A practical example of deploying fine-tuned LLMs locally, demonstrating how to apply custom fine-tuned models from Hugging Face and compare different model configurations (base, LoRA, and merged).
This project showcases how to build a local LLM inference system using fine-tuned models from Hugging Face:
- Models: Fine-tuned LLaMA-3.2-1B models from Hugging Face Hub
- Fine-tuning Process: See the complete fine-tuning workflow at bioinstruct-finetuning-experiment
- Framework: Hugging Face Transformers + PyTorch
- API: FastAPI with Swagger documentation
- UI: Vanilla HTML/CSS/JavaScript chat interface
- Deployment: Docker with GPU support
This repository serves as a practical example of:
- Deploying Fine-tuned Models: How to load and serve custom fine-tuned models from Hugging Face Hub
- Model Comparison: Comparing three approaches to fine-tuning (base model, LoRA adapter, and merged weights)
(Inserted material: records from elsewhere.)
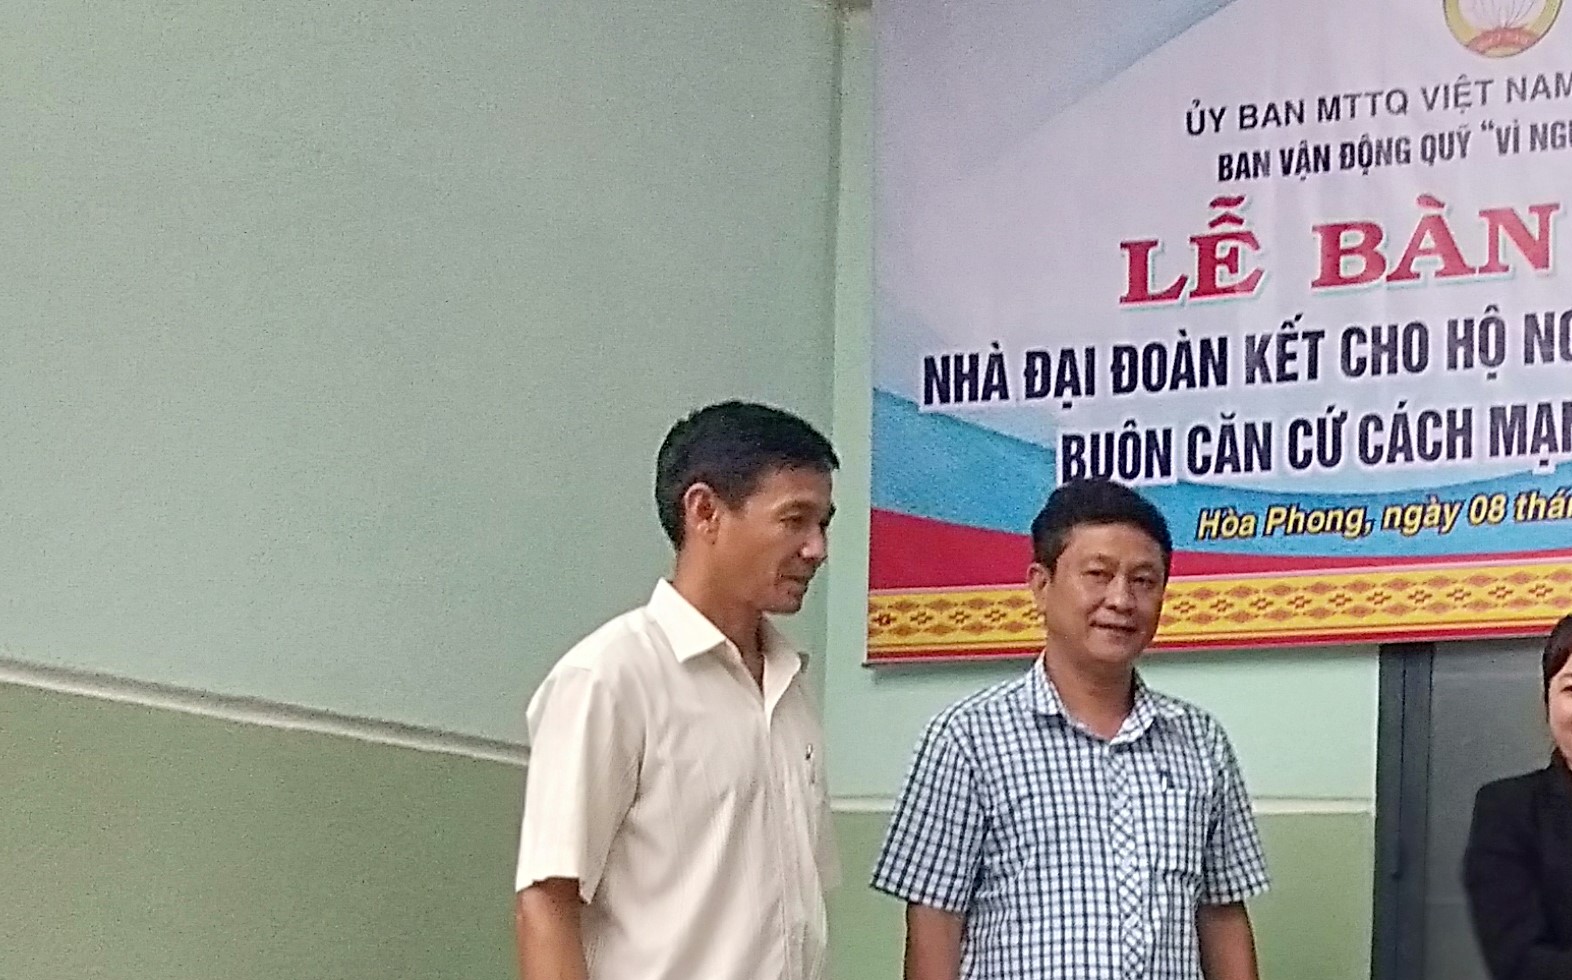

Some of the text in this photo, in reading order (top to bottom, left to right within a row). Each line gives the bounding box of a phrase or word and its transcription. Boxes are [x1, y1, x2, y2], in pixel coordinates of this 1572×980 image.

[1186, 99, 1226, 136] ỦY
[1239, 99, 1305, 130] BAN
[1318, 89, 1408, 122] MTTQ
[1421, 74, 1494, 113] VIỆT
[1218, 150, 1271, 181] BAN
[1280, 140, 1331, 181] VẬN
[1340, 134, 1411, 176] ĐỘNG
[1420, 125, 1471, 166] QUỸ
[1120, 195, 1265, 304] LỄ
[1311, 193, 1560, 289] BÀN
[923, 341, 1009, 406] NHÀ
[1024, 346, 1095, 409] ĐẠI
[1111, 329, 1228, 396] ĐOÀN
[1245, 313, 1325, 385] KẾT
[1341, 321, 1429, 378] CHO
[1446, 304, 1506, 380] HỘ
[1062, 420, 1172, 483] BUÔN
[1187, 412, 1272, 476] CĂN
[1288, 404, 1348, 471] CỨ
[1358, 399, 1472, 468] CÁCH
[1196, 506, 1256, 541] Hòa
[1263, 503, 1376, 540] Phong,
[1381, 494, 1463, 537] ngày
[1467, 493, 1508, 526] 08
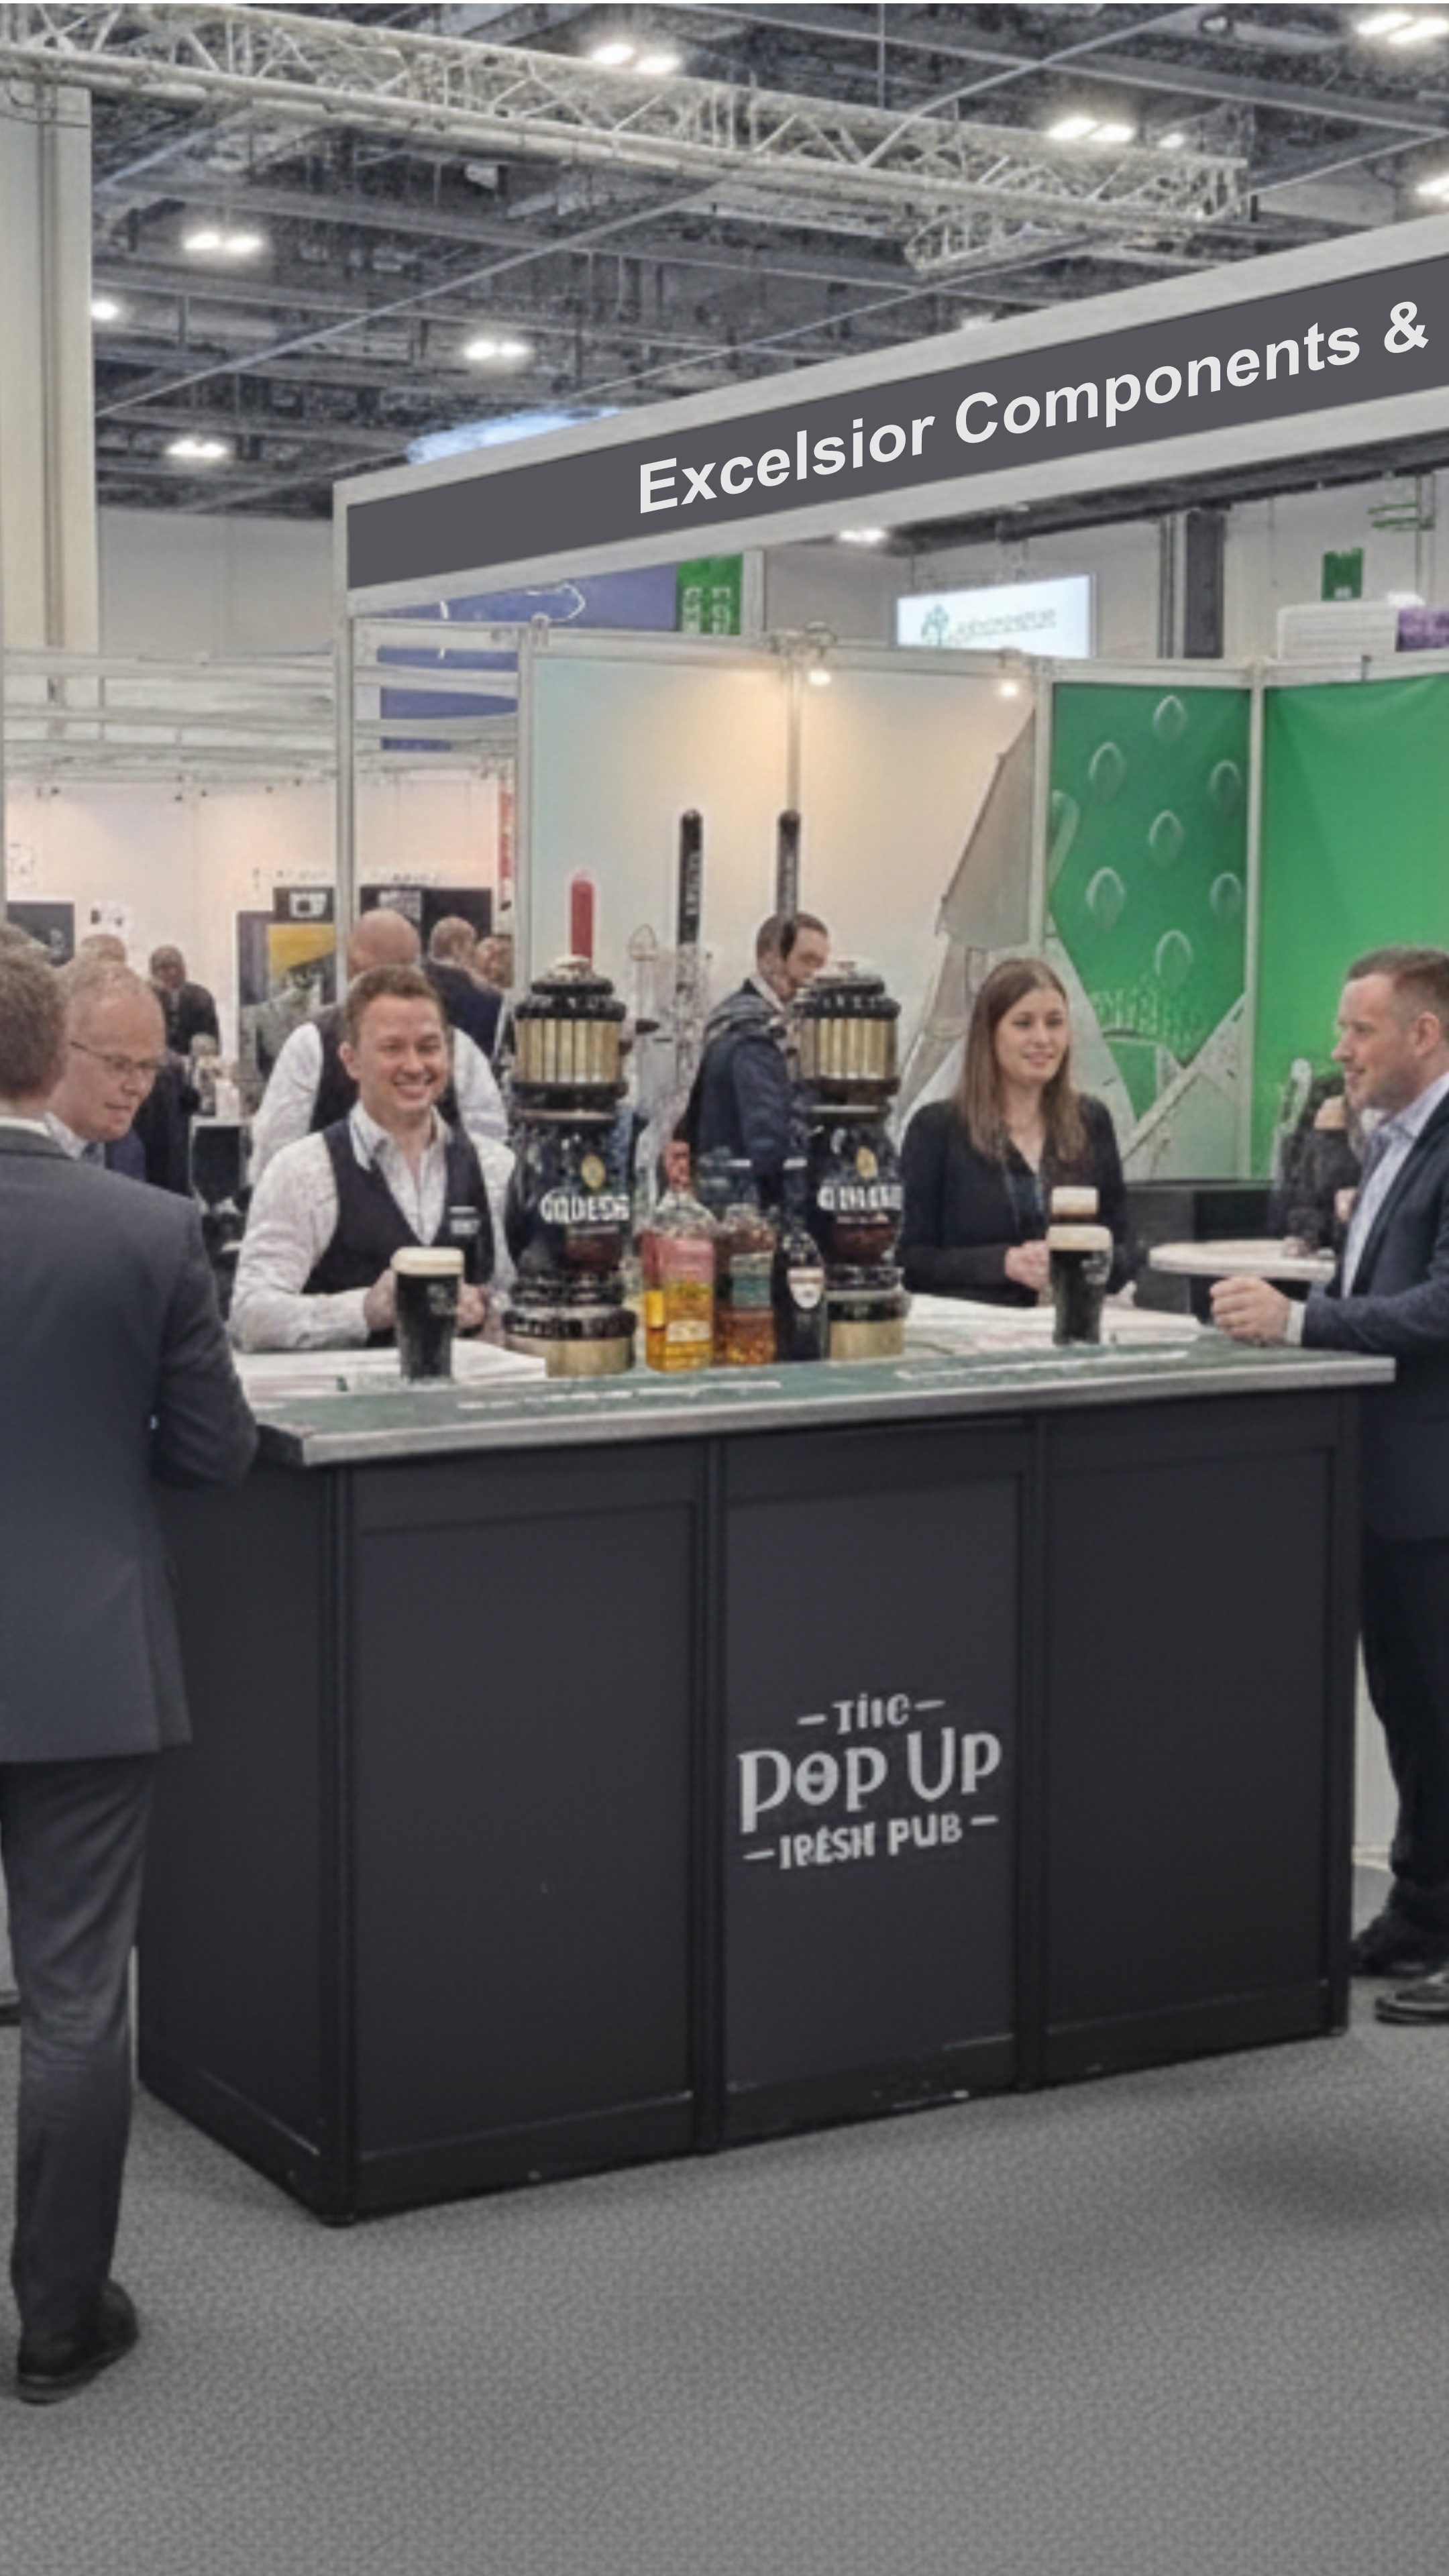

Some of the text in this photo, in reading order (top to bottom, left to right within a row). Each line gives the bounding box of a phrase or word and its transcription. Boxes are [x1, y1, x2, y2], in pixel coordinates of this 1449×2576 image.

- Real-world Application: Applying biomedical fine-tuning to create a domain-specific assistant
- Performance Differences: Understanding the trade-offs between different model configurations
The fine-tuned models were created using the BioInstruct dataset to specialize LLaMA-3.2-1B for biomedical questions. This project demonstrates how to integrate these models into a production-ready inference system.
- NVIDIA GPU with CUDA support (4GB+ VRAM recommended)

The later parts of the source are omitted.